Personalized Neoantigen Vaccine Shows Promise for Renal Cell Carcinoma

A recent study presented by Dr. David A. Braun, MD, PhD, at the 2025 Kidney Cancer Research Summit reveals that a personalized neoantigen vaccine may be effective for patients diagnosed with clear cell renal cell carcinoma (ccRCC). The study involved nine patients with high-risk, resectable ccRCC and demonstrates early signs of immune activation and durable responses, warranting further investigation into this innovative therapy.

Renal cell carcinoma, particularly the clear cell subtype, poses significant treatment challenges due to its complex immune landscape and relatively low mutational burden. In this context, Dr. Braun, who is an assistant professor of medicine at the Yale School of Medicine and a member of the Center of Molecular and Cellular Oncology at Yale Cancer Center, emphasized the need for novel immunotherapeutic approaches that direct the immune response more effectively.

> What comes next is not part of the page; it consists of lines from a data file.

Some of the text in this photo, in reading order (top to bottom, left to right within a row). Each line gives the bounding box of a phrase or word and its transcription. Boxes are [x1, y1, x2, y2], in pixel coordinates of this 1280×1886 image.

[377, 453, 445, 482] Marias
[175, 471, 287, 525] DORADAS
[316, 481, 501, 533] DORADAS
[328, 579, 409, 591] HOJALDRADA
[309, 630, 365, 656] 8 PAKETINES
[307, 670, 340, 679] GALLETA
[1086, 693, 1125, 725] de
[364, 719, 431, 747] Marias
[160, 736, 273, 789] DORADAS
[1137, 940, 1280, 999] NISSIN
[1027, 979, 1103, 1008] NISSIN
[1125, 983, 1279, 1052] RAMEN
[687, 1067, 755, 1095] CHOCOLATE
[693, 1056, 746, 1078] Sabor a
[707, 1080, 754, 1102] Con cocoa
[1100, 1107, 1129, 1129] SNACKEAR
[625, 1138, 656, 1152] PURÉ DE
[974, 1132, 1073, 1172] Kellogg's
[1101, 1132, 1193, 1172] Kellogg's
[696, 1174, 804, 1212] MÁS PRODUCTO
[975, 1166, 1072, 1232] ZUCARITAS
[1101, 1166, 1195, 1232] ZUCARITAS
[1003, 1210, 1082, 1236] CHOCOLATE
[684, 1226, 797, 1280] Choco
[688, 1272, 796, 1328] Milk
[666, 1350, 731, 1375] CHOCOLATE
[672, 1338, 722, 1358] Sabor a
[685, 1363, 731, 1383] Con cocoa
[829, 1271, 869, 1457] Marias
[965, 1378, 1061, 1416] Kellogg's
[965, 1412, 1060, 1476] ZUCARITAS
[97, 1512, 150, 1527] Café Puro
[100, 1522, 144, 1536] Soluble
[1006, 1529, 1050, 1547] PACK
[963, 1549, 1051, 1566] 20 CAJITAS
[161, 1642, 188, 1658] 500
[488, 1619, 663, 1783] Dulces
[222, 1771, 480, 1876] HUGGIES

The study involved creating personalized vaccines for the nine participants through tumor sequencing and neoantigen prediction, which resulted in vaccines composed of synthetic long peptides that incorporated up to 20 individual neoantigens from each patient's tumor. This approach aimed to enhance the immune response by reducing competition among different neoantigens, thereby increasing the likelihood of immune recognition.

"The basic question was: Are the T cells reacting to these neoantigens and capable of recognition?" Braun stated during his presentation. Prior to vaccination, most patients exhibited undetectable levels of neoantigen immunity. Following vaccination, however, significant neoantigen-specific T-cell responses were observed in all treated patients.

Braun's research aligns with previous findings that have shown the potential efficacy of neoantigen-directed therapies across various cancer types, including melanoma and glioblastoma. However, he acknowledged that kidney cancer presents unique challenges due to its modest mutation burden, necessitating tailored approaches to vaccine design.

The trial design included a two-phase vaccination regimen: a priming phase to activate T cells, followed by a boosting phase to promote long-term immune memory. This innovative approach demonstrated that 7 out of the 9 patients generated detectable levels of vaccine-specific T cells that reacted against their tumors. Impressively, at a median follow-up of 40.2 months, none of the participants experienced a recurrence of their disease.

Despite these promising results, Braun noted that the small sample size represents a limitation of the study, and further research is necessary to validate these findings. The next phase of the clinical investigation, the INterpath-004 trial (NCT06307431), aims to assess the combination of the mRNA-based neoantigen vaccine with pembrolizumab, a checkpoint inhibitor, in a larger cohort of renal cell carcinoma patients.

This study underscores the potential of personalized cancer vaccines in improving patient outcomes in renal cell carcinoma, particularly for those at high risk of recurrence. As the field of cancer immunotherapy continues to evolve, the findings from this research may pave the way for more effective treatment strategies, ultimately enhancing survival rates and quality of life for patients battling this challenging disease.